■ Requirement ■
Skip the pictures and return every entry exactly as written.

■ Provided entries ■
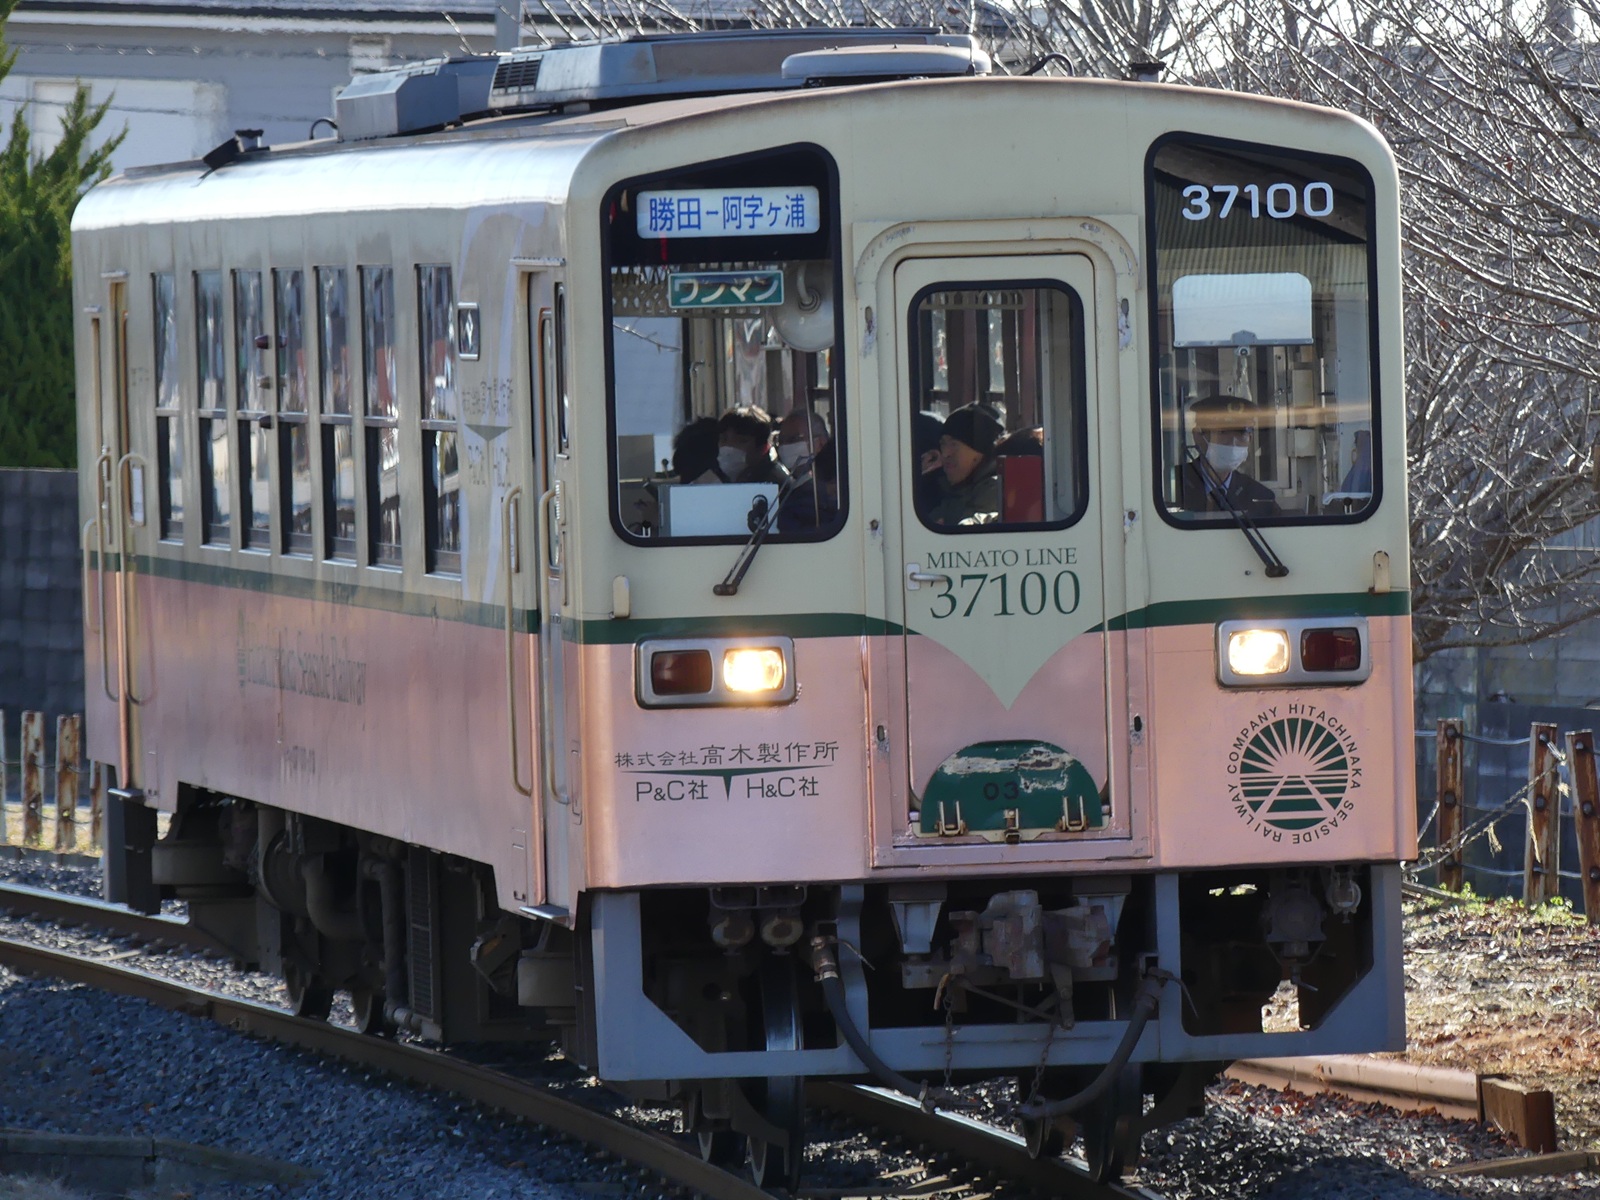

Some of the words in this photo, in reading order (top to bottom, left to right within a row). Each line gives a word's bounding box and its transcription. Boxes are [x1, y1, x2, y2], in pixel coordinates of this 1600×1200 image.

[649, 197, 701, 232] 勝田
[1182, 182, 1334, 221] 37100
[927, 549, 1019, 569] MINATO
[1026, 547, 1077, 566] LINE
[930, 570, 1080, 619] 37100
[614, 741, 839, 768] 株式会社高木製作所
[1227, 706, 1277, 774] COMPANY
[1289, 703, 1362, 789] HITACHINAKA
[636, 779, 709, 801] P&C社
[747, 776, 820, 799] H&C社
[1228, 784, 1282, 842] RAILWAY
[1292, 800, 1354, 844] SEASIDE

■ Solution to the problem ■
Some of the words in this photo, in reading order (top to bottom, left to right within a row). Each line gives a word's bounding box and its transcription. Boxes are [x1, y1, x2, y2], in pixel coordinates of this 1600×1200 image.

[649, 197, 701, 232] 勝田
[1182, 182, 1334, 221] 37100
[927, 549, 1019, 569] MINATO
[1026, 547, 1077, 566] LINE
[930, 570, 1080, 619] 37100
[614, 741, 839, 768] 株式会社高木製作所
[1227, 706, 1277, 774] COMPANY
[1289, 703, 1362, 789] HITACHINAKA
[636, 779, 709, 801] P&C社
[747, 776, 820, 799] H&C社
[1228, 784, 1282, 842] RAILWAY
[1292, 800, 1354, 844] SEASIDE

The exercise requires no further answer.